To investigate the heritability of religiousness and possible age changes in this estimate, both current and retrospective religiousness were assessed by self-report in a sample of adult male twins (169 MZ pairs and 104 DZ pairs, mean age of 33 years). Retrospective reports of religiousness showed little correlation difference between MZ (r=.69) and DZ (r=.59) twins. Reports of current religiousness, however, did show larger MZ (r=.62) than DZ (r=.42) similarity. Biometric analysis of the two religiousness ratings revealed that genetic factors were significantly weaker (12% vs. 44%) and shared environmental factors were significantly stronger (56% vs. 18%) in adolescence compared to adulthood. Analysis of internal and external religiousness subscales of the total score revealed similar results. These findings support the hypothesis that the heritability of religiousness increases from adolescence to adulthood.

Time on Oct 17, 2004 referred to a book of Dean Hamer “The God Gene”

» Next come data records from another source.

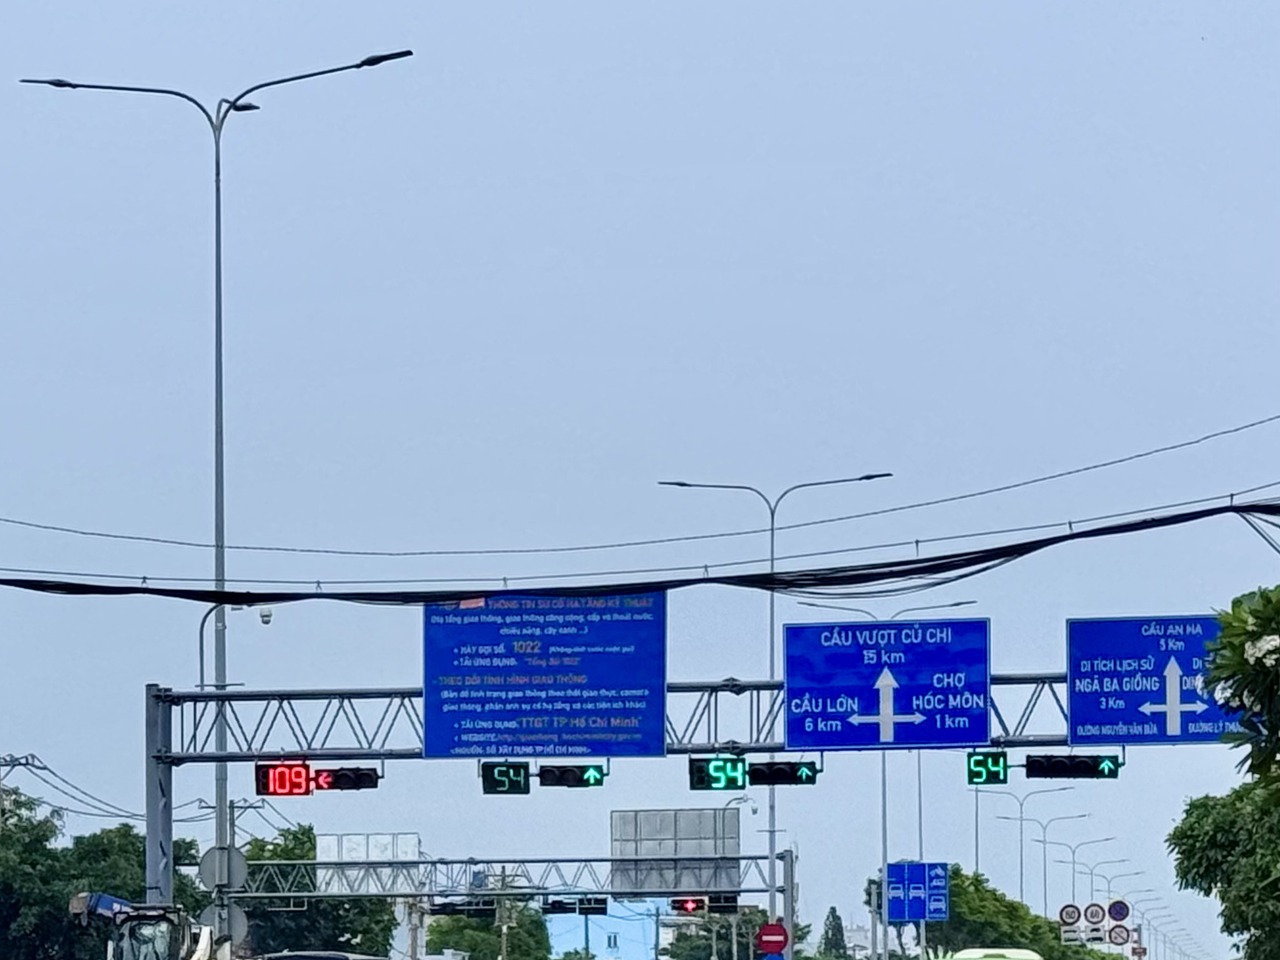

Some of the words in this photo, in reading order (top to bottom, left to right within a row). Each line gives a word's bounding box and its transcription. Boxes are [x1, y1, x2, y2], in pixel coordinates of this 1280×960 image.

[821, 626, 852, 646] CẦU
[856, 629, 897, 647] VƯỢT
[901, 623, 922, 644] CỦ
[926, 627, 952, 644] CHI
[1166, 624, 1184, 635] AN
[512, 640, 541, 653] 1022
[1168, 639, 1185, 651] Km
[881, 649, 905, 664] km
[1192, 658, 1203, 670] DI
[1080, 660, 1091, 673] DI
[1093, 657, 1114, 672] TÍCH
[1116, 659, 1139, 674] LỊCH
[932, 672, 966, 689] CHỢ
[1075, 675, 1100, 693] NGÃ
[1104, 678, 1120, 692] BA
[791, 692, 822, 713] CẦU
[912, 690, 945, 710] HÓC
[948, 691, 984, 709] MÔN
[1100, 698, 1106, 710] 3
[1108, 697, 1125, 709] Km
[805, 717, 813, 732] 6
[817, 717, 842, 732] km
[935, 714, 941, 728] 1
[945, 713, 969, 728] km
[709, 761, 743, 788] 54
[970, 756, 1004, 782] 54
[268, 767, 306, 793] 109
[494, 767, 524, 791] 54

Chief of gene structure at the National Cancer Institute, Hamer not only claims that human spirituality is an adaptive trait, but he also says he has located one of the genes responsible, a gene that just happens to also code for production of the neurotransmitters that regulate our moods. Our most profound feelings of spirituality, according to a literal reading of Hamer’s work, may be due to little more than an occasional shot of intoxicating brain chemicals governed by our DNA. “I’m a believer that every thought we think and every feeling we feel is the result of activity in the brain,” Hamer says.

This looks very much like a completely physical view of spiritual affairs (Hamer became famous for his failure of the “gay gene” before abandoning science).

So we may better turn to the question if there is any theological background? I renember a famous guest lecture in Marburg 1980 about the Epistle to the Romans by Herbert Braun (Braun is a Bultmann scholar. Ernst Fuchs was in Marburg too; together with Ernst Käsemann and Günther Bornkamm they are all famous scholars of Rudolf Bultmann. Käsemann and Fuchs both wrote a “Commentary on Romans”).

Fuchs highlighted Rom 2:14 in King James translation saying:

13 For not the hearers of the law are just before God, but the doers of the law shall be justified.
14 For when the Gentiles, which have not the law, do by nature the things contained in the law, these, having not the law, are a law unto themselves:
15 Which shew the work of the law written in their hearts, their conscience also bearing witness, and their thoughts the mean while accusing or else excusing one another;

Science and theology are not far away here. Maybe it is even common sense that most humans have an inherited deep feeling of religiousness.